Enfin, une dernière interrogation émane de ce numéro. Certes, le renforcement de la résilience est au centre de nombreuses initiatives, qu’il s’agisse de la gestion durable des terres, du stockage et de la valorisation des produits ou des filets sociaux. Mais il ressort aussi d’une lecture transversale du numéro, la difficulté de changer d’échelle et de s’émanciper de l’aide extérieure pour trouver des fondements institutionnels et économiques durables. La plupart des démarches sont aujourd’hui principalement impulsées par les agences d’aide. Leur internalisation et leur durabilité sont questionnées. Comment les États se préparent-ils à prendre le relai et à déployer des politiques fiscales re-distributives ? Quelle architecture institutionnelle est-il nécessaire de bâtir pour assurer internalisation, pérennité et soutenabilité ?
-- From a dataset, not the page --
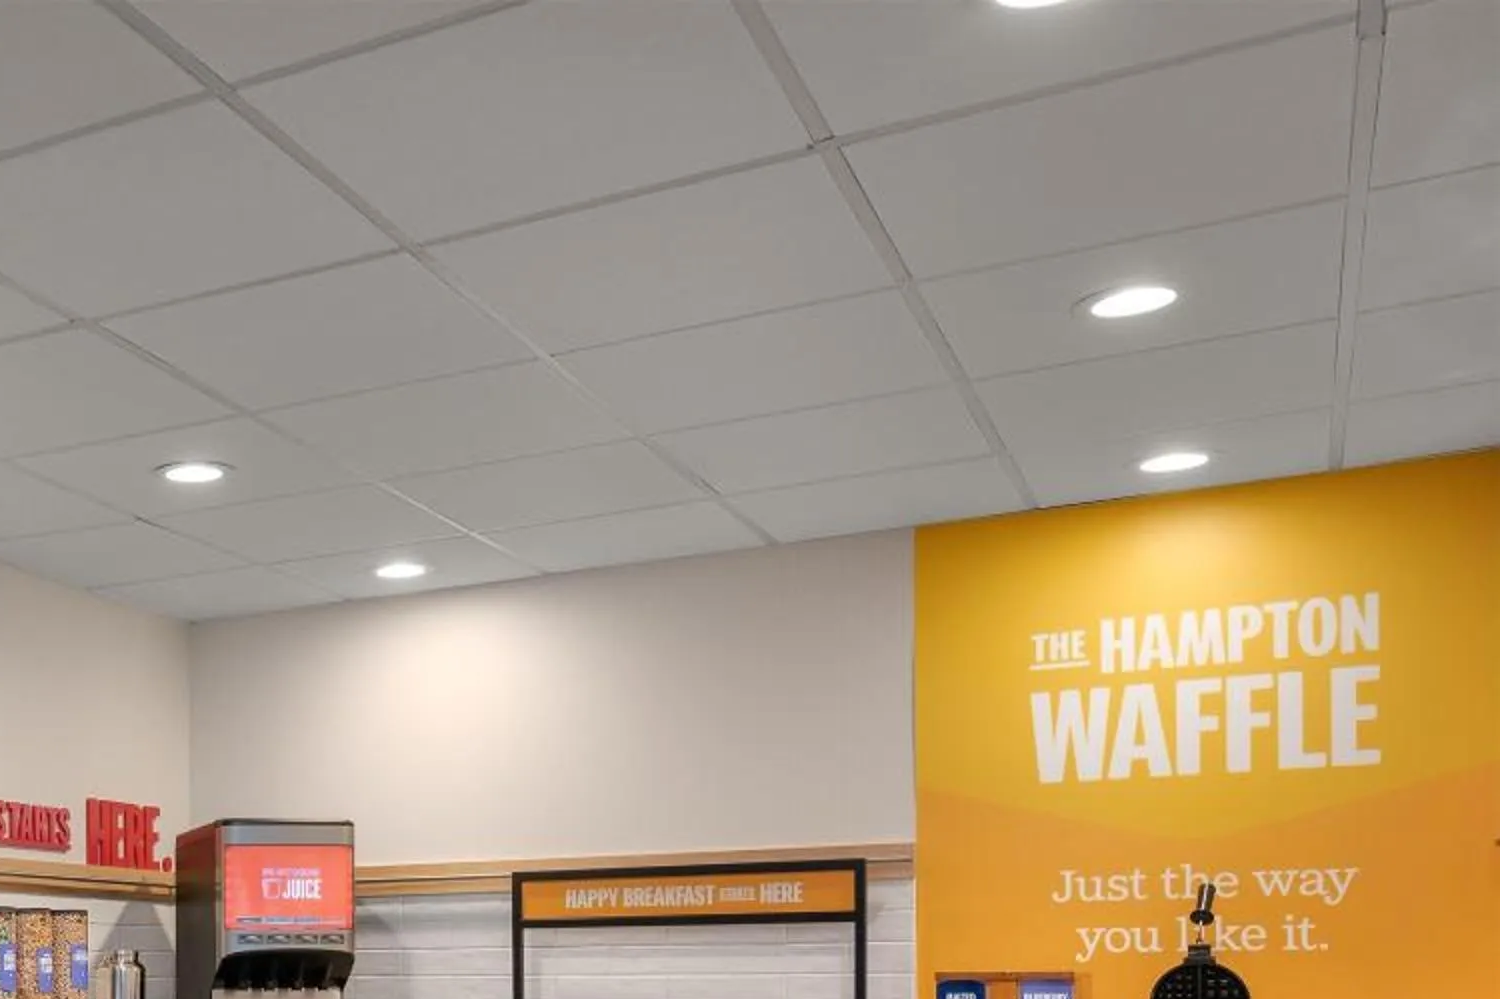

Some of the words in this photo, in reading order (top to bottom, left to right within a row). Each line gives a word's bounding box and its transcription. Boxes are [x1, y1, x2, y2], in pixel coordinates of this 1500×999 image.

Ces questions sont d’autant plus cruciales que les actions de renforcement de la résilience, pour avoir des effets réels et durables, doivent opérer sur l’échelle d’une génération au minimum, soit bien plus longtemps que la durée de vie des programmes d’aide et les modes passagères.

Construire une vision partagée pour bâtir des stratégies durables

Certes, les défis sont nombreux, mais il existe des leviers et des opportunités de changement, que l’on perçoit dans ce numéro. La question démographique est abordée avec moins de certitudes qu’à l’accoutumée, ré-ouvrant le champ de la réflexion sur des politiques visant à réduire la forte natalité.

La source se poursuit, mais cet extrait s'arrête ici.